Founded in 1976 by pianist Paula Peace, the Atlanta Chamber Players (ACP) is a mixed ensemble of strings, winds, and piano, and has performed in more than 250 cities throughout the United States, Europe, and Mexico. In 2014, Paula Peace retired and pianist Elizabeth Pridgen took her place as the artistic director of the group.

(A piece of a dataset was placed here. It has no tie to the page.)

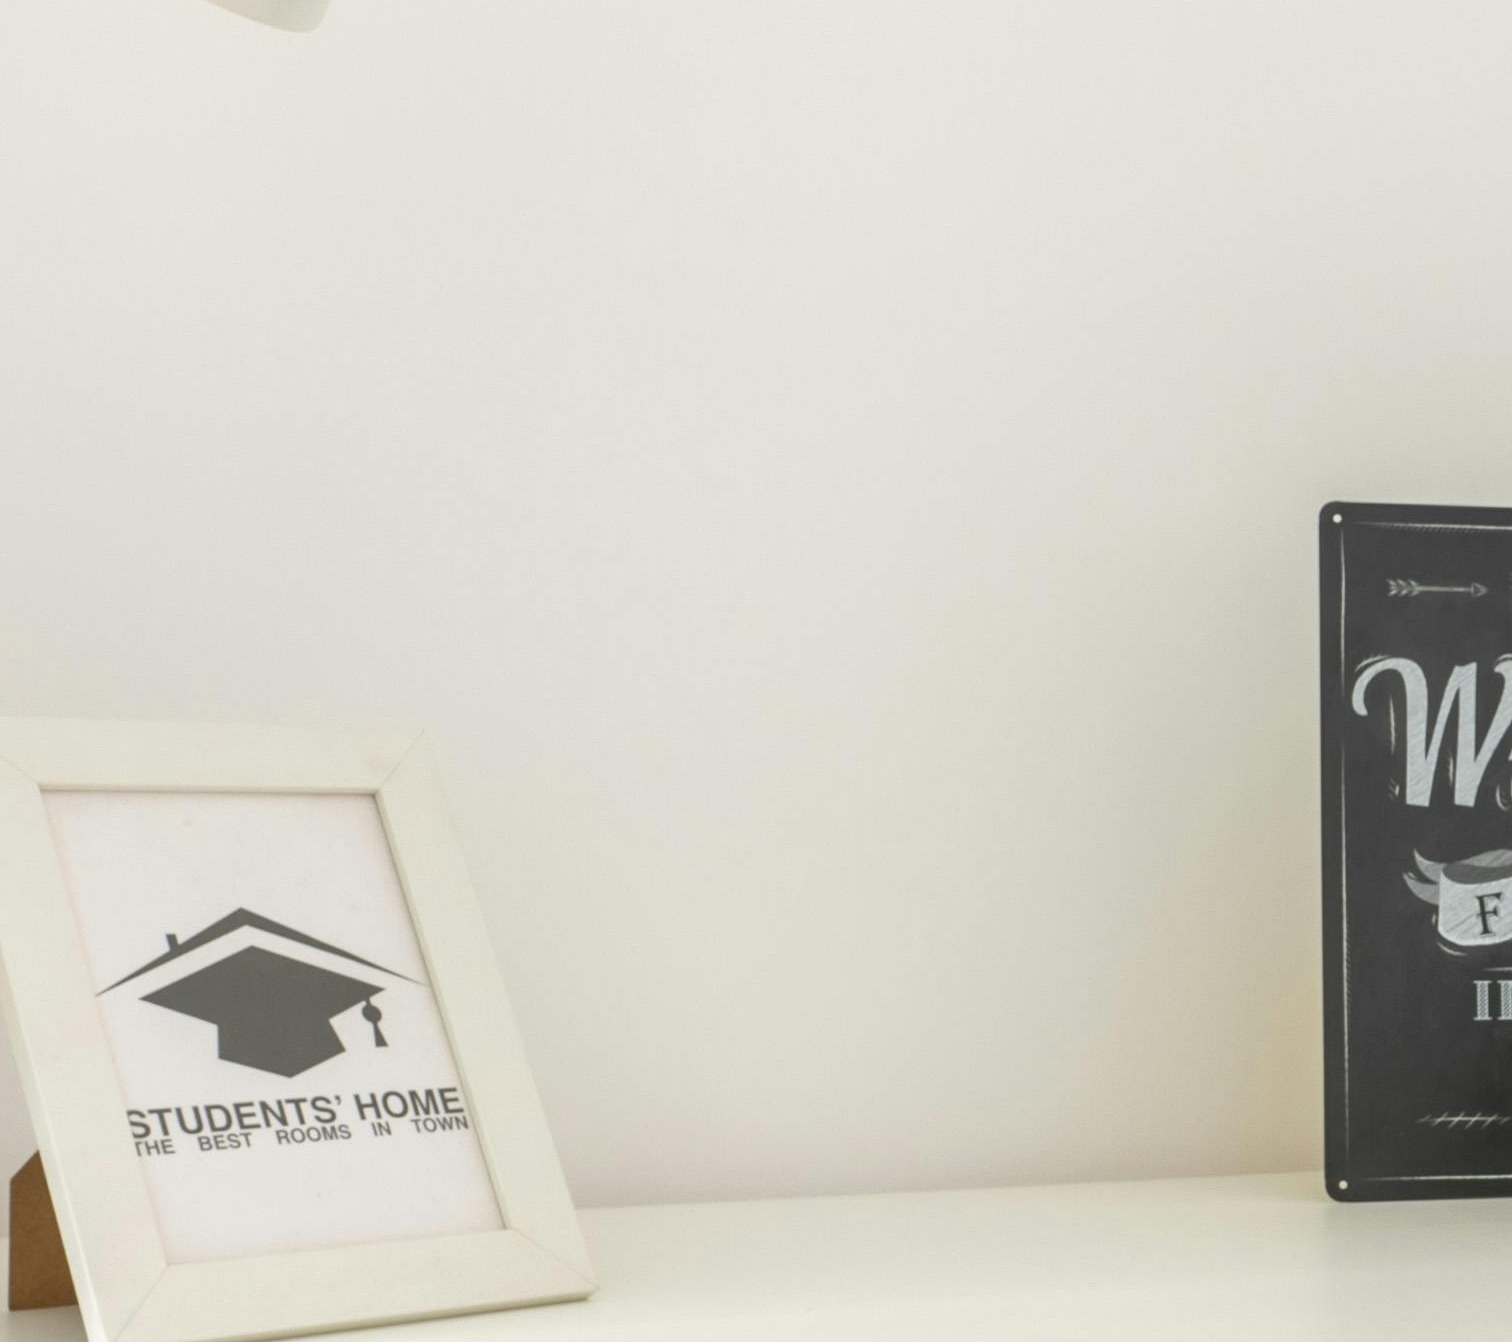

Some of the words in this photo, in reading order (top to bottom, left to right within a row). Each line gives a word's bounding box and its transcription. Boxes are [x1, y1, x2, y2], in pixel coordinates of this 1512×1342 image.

The ACP's repertoire includes traditional classical masterpieces (Beethoven, Brahms) as well as contemporary works (George Crumb, Olivier Messiaen). ACP also has a long-standing commitment to performing the music of living American composers. The ensemble has premiered almost 125 works to Atlanta, Georgia audiences, including world premieres commissioned from composers such as Michael Gandolfi, David Amram, Anne LeBaron, three works from Pulitzer-Prize-winner John Harbison, and a 2014 commission from Adam Schoenberg.

The ensemble has appeared in numerous artistic, educational, and outreach concerts, as well as touring residencies and television and radio broadcasts. As Affiliate Artists at Georgia State University’s School of Music 1990–2006, ACP presented concerts, lectures and master classes. The group was in residence at Kennesaw State University from 1996–2003 and was the Candler Ensemble in Residence at Emory University from 1982–1987. In 1979, ACP was among the first ensembles nationally to participate in Chamber Music America’s prestigious Paul Residency Program.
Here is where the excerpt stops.